[This is a repost of Robot Central’s first writeup. We will be counting down to the event where we will be on location providing you with real time updates. –Ray]
On November 3, thirty six of the worlds most advanced autonomous vehicles will be competing against each other to be declared the most advanced. Each will not only be required to demonstrate complex navigational and problem solving skills, but they will also be required to understand rules of the road.
Stanford University took home the prize with their Volkswagen Touareg “Stanley” at the 2005 DARPA Grand Challenge. Stanley was the first in history to successfully navigate through miles of desert terrain, avoiding pitfalls that killed all but five other competitors. As difficult as ’05 Grand Challenge was, it was could be boiled down to a basic obstacle avoidance problem. When a robot approached another robot to pass, the DARPA chase vehicle would send a command to the slowpoke and tell it to yield the road to the robot behind him. (You should have seen the observation tent where all the teams were watching their robots in action on scores of plasma screens when Stanford’s robot Stanley passed up Carnegie Mellon media sweetheart Sandstorm. They went nuts!) Anyway, the point is that back in my day, we were given a file of GPS coordinates to which the robots had to drive one at a time. Along the way, the ‘bots had to be smart enough to avoid obstacles and be built durably enough to withstand the kinds of things you’d expect in mountainous desert–a good transmission, puncture resistant tires, lots of gas, and so on. When something tricky came up like a robot wanting to pass, a human intervened and effectively made the forward vehicle an obstacle to the robot behind it. The robot behind it just avoided it.

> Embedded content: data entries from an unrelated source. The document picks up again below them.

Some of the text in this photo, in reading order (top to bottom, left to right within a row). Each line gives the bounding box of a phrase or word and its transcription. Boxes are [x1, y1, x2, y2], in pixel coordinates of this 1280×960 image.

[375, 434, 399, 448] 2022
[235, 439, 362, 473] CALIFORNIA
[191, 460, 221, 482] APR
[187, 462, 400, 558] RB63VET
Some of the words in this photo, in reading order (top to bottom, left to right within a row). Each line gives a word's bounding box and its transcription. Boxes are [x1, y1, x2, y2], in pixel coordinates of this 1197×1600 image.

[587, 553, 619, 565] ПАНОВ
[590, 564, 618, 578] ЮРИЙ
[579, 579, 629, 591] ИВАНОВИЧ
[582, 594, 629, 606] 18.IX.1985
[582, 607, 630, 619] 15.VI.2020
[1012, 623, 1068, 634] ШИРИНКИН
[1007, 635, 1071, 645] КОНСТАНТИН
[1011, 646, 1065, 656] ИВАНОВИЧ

This year at the 2007 DARPA Urban Challenge, there’ll be none of that. Navigation and obstacle avoidance is so 2005. Not only will the ‘bots be required to demonstrate robust navigational skills, they’ll have to be able to discover alternate routes because primary routes will be randomly blocked. Not only will robots be required to demonstrate their passing abilities, they will need to determine when it’s safe to pass. They’re even going to have to drive into oncoming traffic to pass the vehicle in front of it. At a four-way stop, the ‘bots will have to respect the rules of a stop-and-go intersection–a feat not usually performed well by many human drivers! You have to wonder how many of the teams had to Google the rules before they coded ’em in.

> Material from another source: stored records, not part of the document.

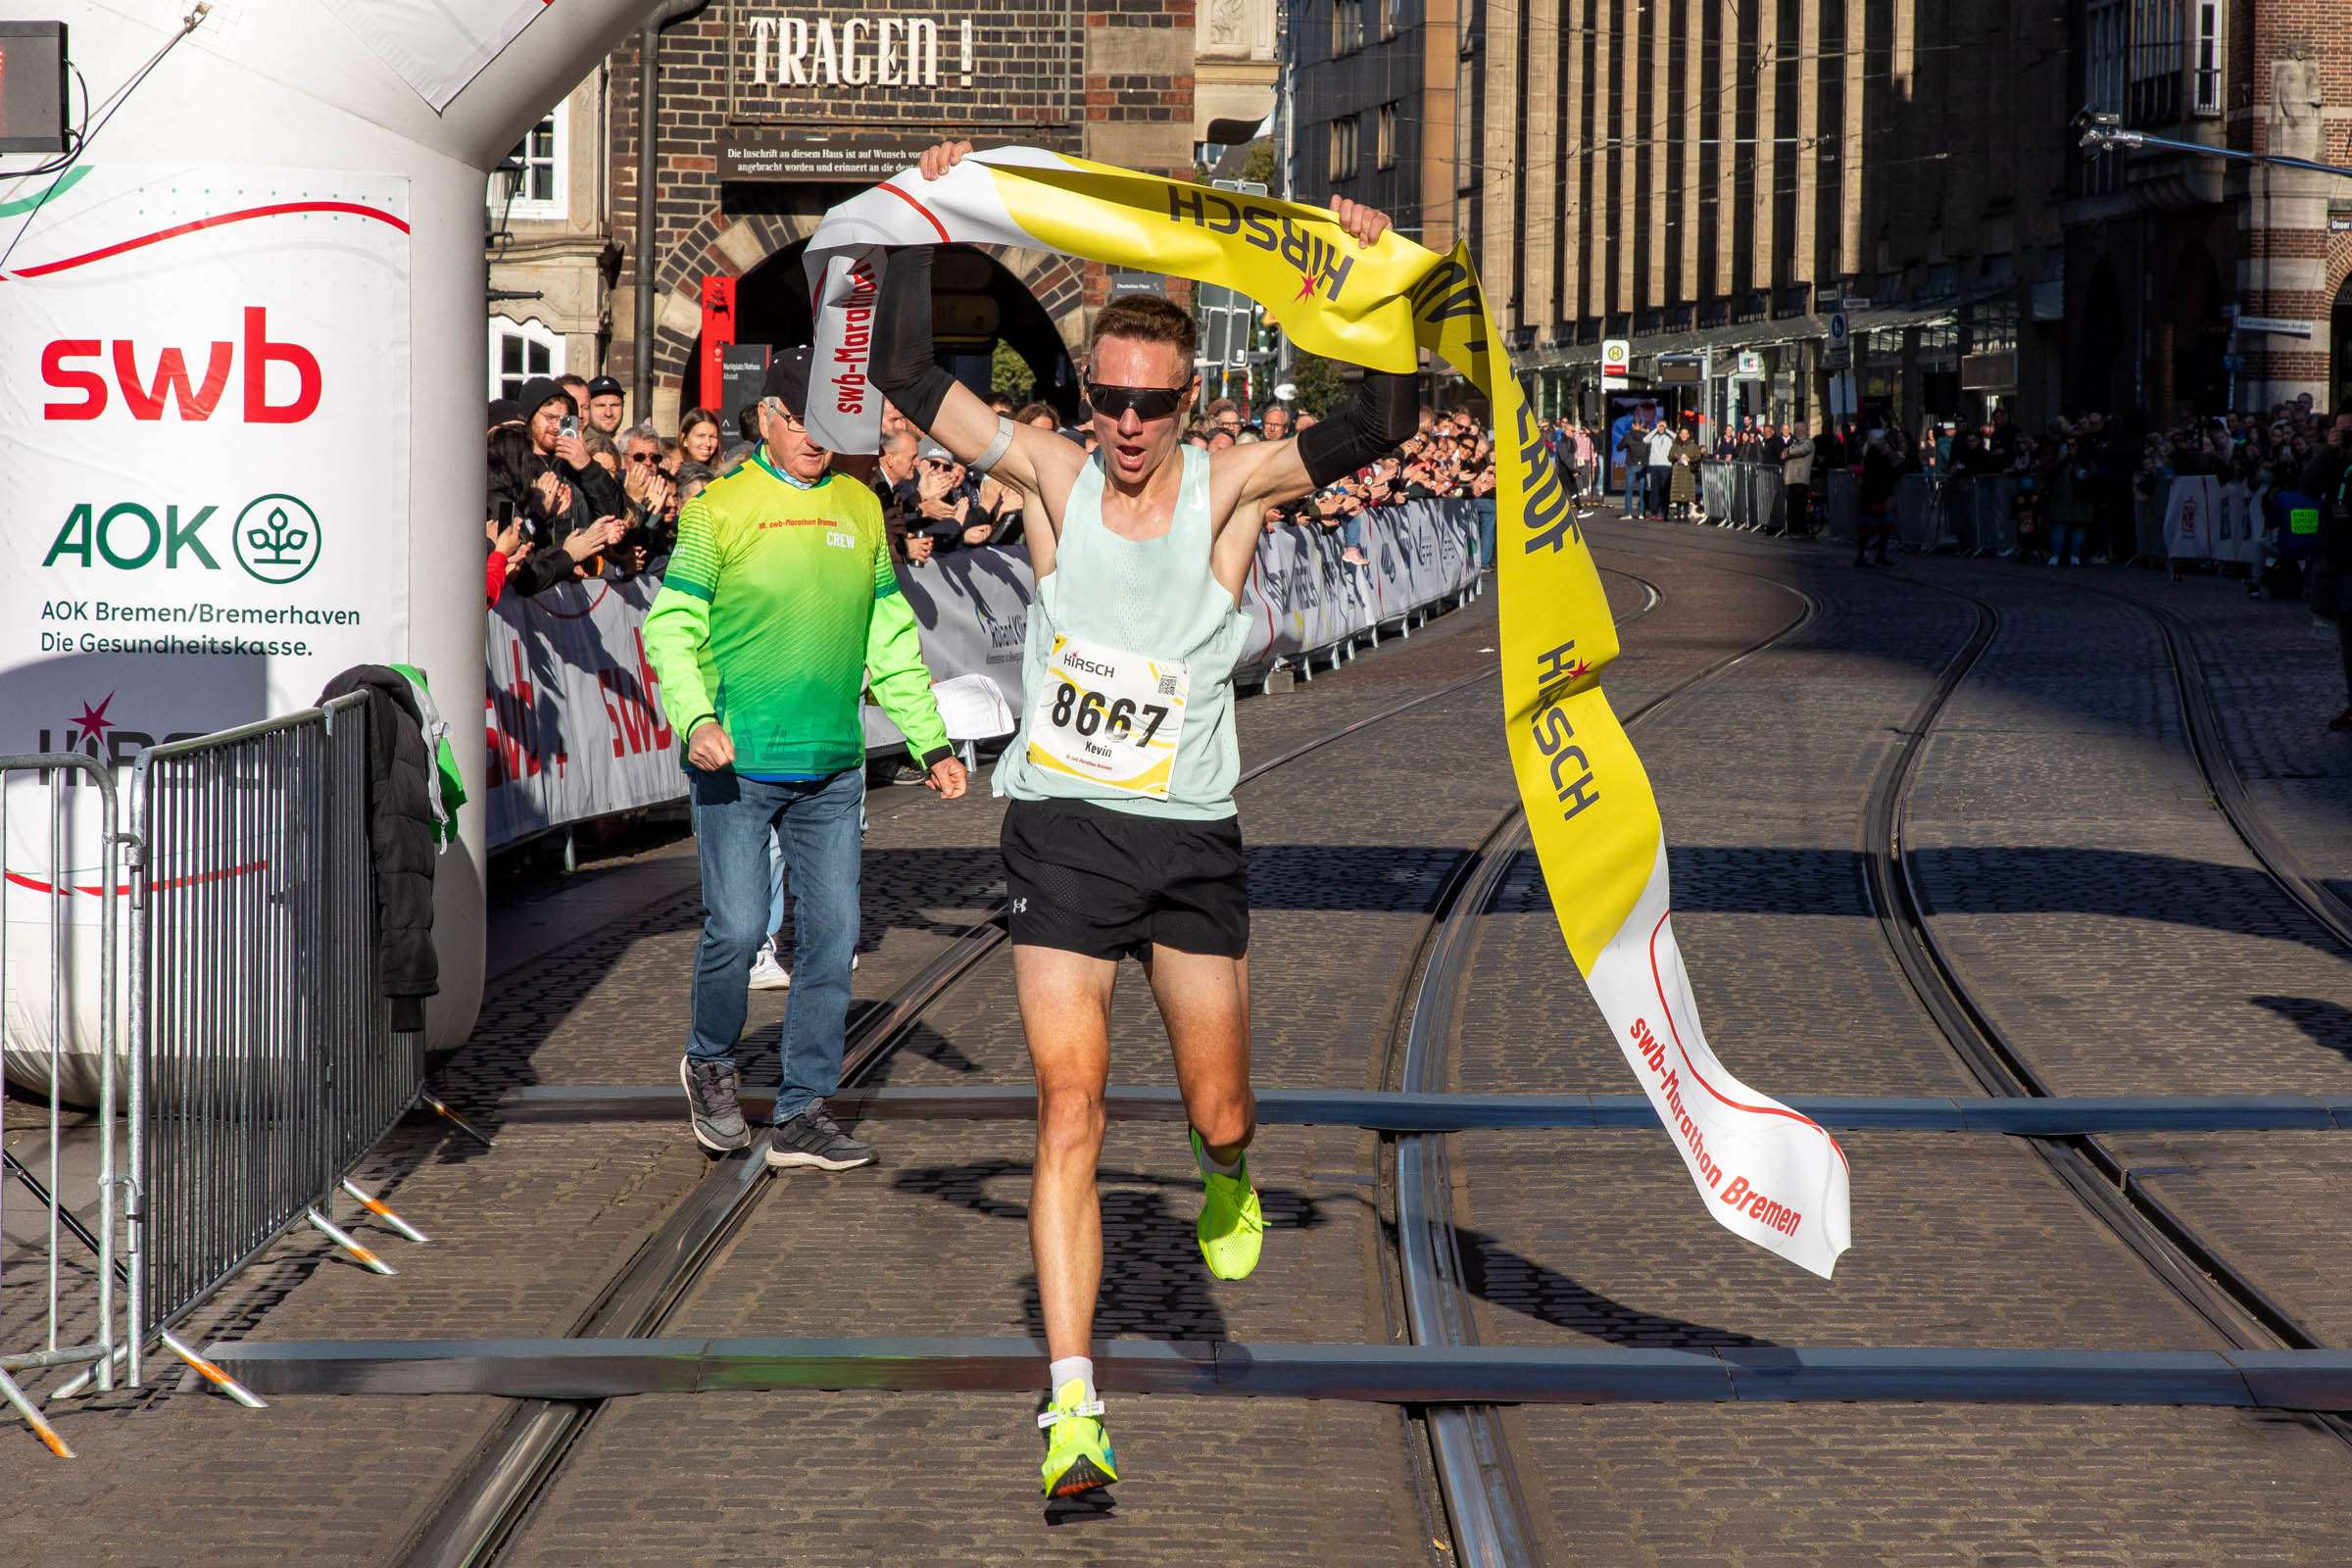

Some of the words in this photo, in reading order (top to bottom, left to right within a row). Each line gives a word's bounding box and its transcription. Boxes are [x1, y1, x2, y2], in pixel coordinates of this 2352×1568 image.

[750, 17, 938, 86] TRAGEN
[727, 148, 742, 159] Die
[743, 148, 777, 159] Inschrift
[791, 148, 821, 159] diesem
[822, 148, 844, 159] Haus
[845, 148, 857, 159] ist
[858, 148, 871, 159] auf
[872, 148, 906, 159] Wunsch
[737, 163, 782, 173] angebracht
[784, 164, 814, 172] worden
[816, 163, 833, 172] und
[834, 164, 867, 172] erinnert
[881, 164, 894, 172] die
[1167, 184, 1355, 302] HIRSCH
[41, 307, 321, 423] swb
[41, 502, 220, 569] AOK
[826, 532, 855, 550] CREW
[41, 601, 88, 622] AOK
[96, 603, 361, 625] Bremen/Bremerhaven
[41, 631, 74, 653] Die
[79, 633, 313, 658] Gesundheitskasse.
[1063, 654, 1115, 678] HIRSCH
[596, 626, 672, 758] swb
[1052, 682, 1169, 749] 8667
[1085, 741, 1112, 758] Kevin
[1630, 1018, 1723, 1190] swb-Marathon
[1721, 1176, 1801, 1237] Bremen

This event is a big deal. It is bringing together some of the greatest minds and technologies in the world in order to force the advancement of autonomous transportation. We civilians have got better things to do with our time than to drive to and from work every day. My commute is an hour each way. That’s 10 hours that I could be doing something productive. Our soldiers have got better things to do than die driving a transport vehicle full of ammo down Mainstreet, Bagdad–like live.